Memorandum from Tobias Lear
[New York] Augt 18th 
On Wednesday at 3 O’clock P.M. the person who had written several letters under the signature of Jno. A. Dingwell,1 came to the House of the President & had an interview with Genl Knox & T. Lear with whom he left the enclosed papers;2 and promised to get copies of such others as he could come at, & likewise give all the verbal information that he could obtain—Jno. A. Dingwell’s real name is [ ] Smith: and the Thos Dalton mentioned in the enclosed papers boards at his House.

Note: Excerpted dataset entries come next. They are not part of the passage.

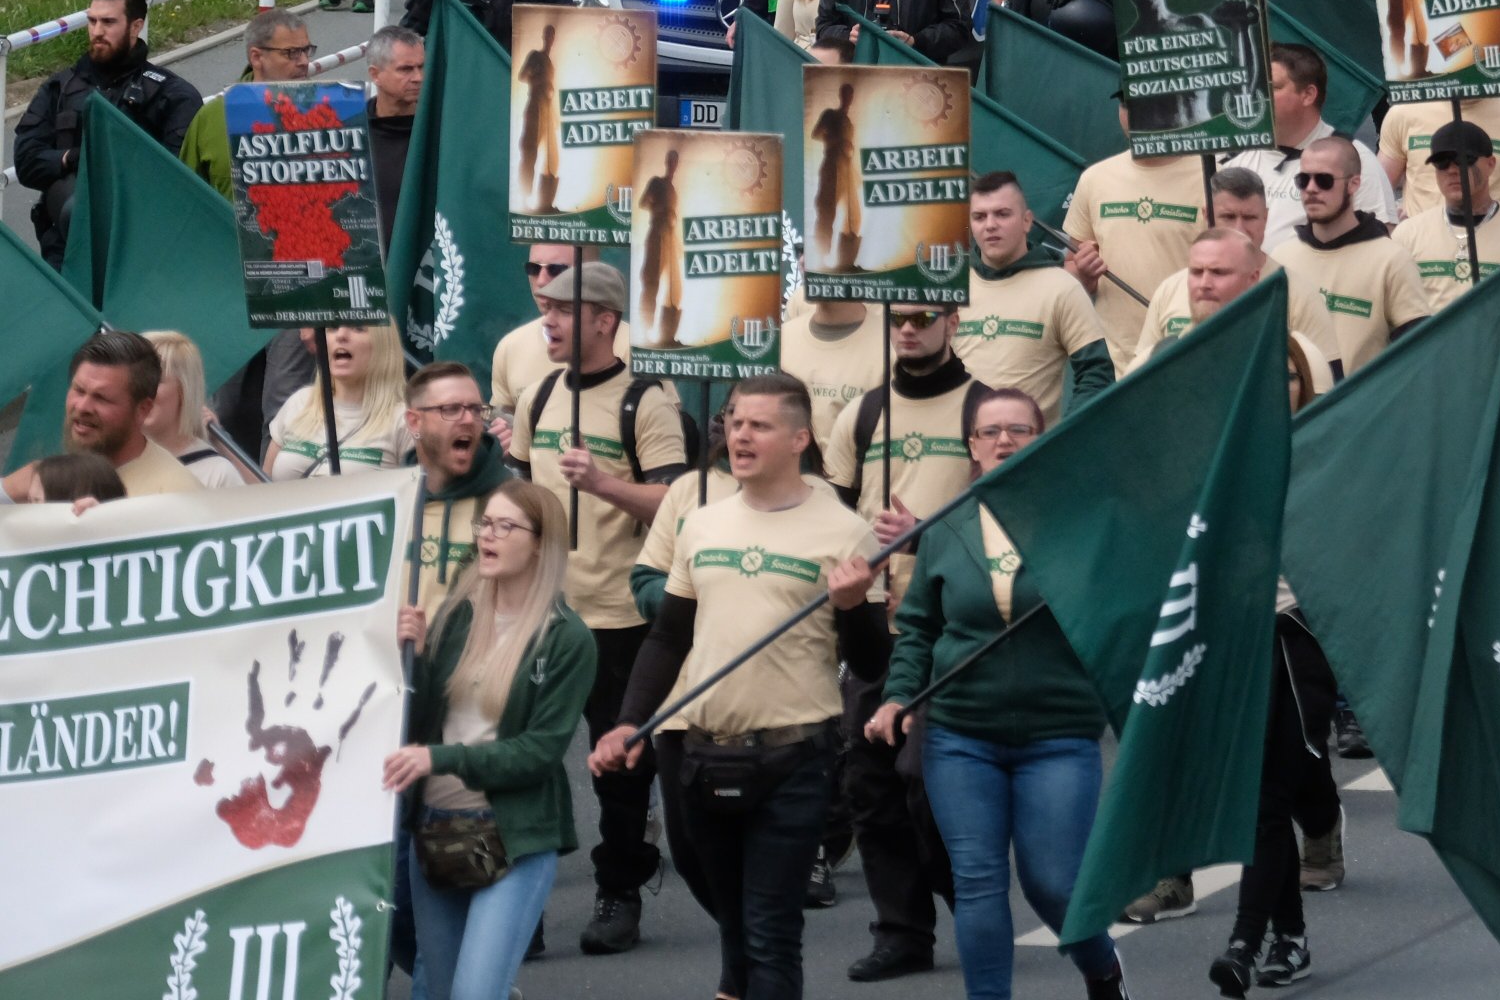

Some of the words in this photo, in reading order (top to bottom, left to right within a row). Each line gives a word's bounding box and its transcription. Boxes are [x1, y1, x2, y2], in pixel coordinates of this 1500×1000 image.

[1123, 37, 1159, 55] FÜR
[1161, 31, 1215, 50] EINEN
[1126, 51, 1229, 76] DEUTSCHEN
[1128, 70, 1248, 97] SOZIALISMUS!
[1390, 89, 1422, 102] DER
[1425, 85, 1480, 99] DRITTE
[562, 88, 654, 112] ARBEIT
[692, 104, 718, 124] DD
[235, 127, 365, 158] ASYLFLUT
[1133, 141, 1166, 155] DER
[1171, 136, 1231, 152] DRITTE
[1233, 133, 1272, 147] WEG
[864, 145, 966, 171] ARBEIT
[242, 158, 368, 183] STOPPEN!
[867, 179, 967, 203] ADELT!
[511, 217, 586, 228] www.der-dritte-weg.info
[511, 226, 544, 239] DER
[549, 228, 607, 242] DRITTE
[686, 215, 778, 241] ARBEIT
[688, 251, 779, 275] ADELT!
[807, 276, 894, 287] www.der-dritte-weg.info
[808, 284, 844, 298] DER
[851, 286, 918, 301] DRITTE
[922, 288, 965, 302] WEG
[250, 310, 386, 322] www.DER-DRITTE-WEG.info
[632, 352, 710, 362] www.der-dritte-weg.info
[632, 359, 664, 374] DER
[670, 361, 732, 378] DRITTE
[736, 364, 776, 378] WEG
[0, 511, 385, 642] CHTIGKEIT
[0, 699, 179, 777] LÄNDER!

Smith informed T. Lear that he had carried several letters & notes from Major Beckworth3 to sd Dalton & once he had carried money to him—and that this day Dalton had 500 pounds which Smith thinks he must have got from Beckworth.4
AD, DNA: RG 59, Miscellaneous Letters.
1. For the background to this document, see “John A. Dingwell” to GW, 12, 16 Aug. 1790, “Dingwell” to Henry Knox or Tobias Lear, 17 Aug. 1790, Lear to “Dingwell,” 18 Aug. 1790.
2. See the enclosures.
3. Maj. George Beckwith had been sent to New York by Lord Dorchester in June 1790, and after Alexander McGillivray arrived in the federal capital the following month, Beckwith attempted to win the confidence of McGillivray and the Creek chiefs and to discover the particulars of their current negotiations with the administration. Beckwith requested permission from Alexander Hamilton to meet with McGillivray, which was granted after the treaty was signed. Beckwith hoped, among other things, to obtain information about the Creek chief William Augustus Bowles who was then at Halifax with other Creek and Cherokee headmen on their way to Quebec. Beckwith was also concerned about the activities of another self-styled Creek leader, Thomas Dalton, who was at New York before McGillivray’s arrival and had met with Beckwith before 5 Aug. 1790 (see Alexander Hamilton to GW, 8 July 1790, source note; J. Leitch Wright, Jr., “Creek-American Treaty of 1790: Alexander McGillivray and the Diplomacy of the Old Southwest,” Georgia Historical Quarterly, 51 [Dec. 1967], 390–93). Dalton had earlier met with Samuel Street, a Niagara storekeeper originally from New England who was in New York to represent the Five Nations before the federal government, and he borrowed Street’s credentials to show to McGillivray (for Street’s mission, see Street to Jeremiah Wadsworth, 5 Aug. 1790, NNGL: Knox Papers). As Beckwith reported to his superior, “Mr. Dalton on the whole seemed to insinuate, that there would be a general Indian War, and that he wished to promote it; I replied, that I should be sorry for it. Mr. Dalton concluded by observing that the Government here were jealous of him, and that he was considered as an obstacle to the present Treaty” (Brymner, Report on Canadian Archives, 1890, description begins Douglas Brymner. Report on Canadian Archives . . . 1890. (Being an Appendix to Report of the Minister of Agriculture.). Ottawa, 1891. description ends 153).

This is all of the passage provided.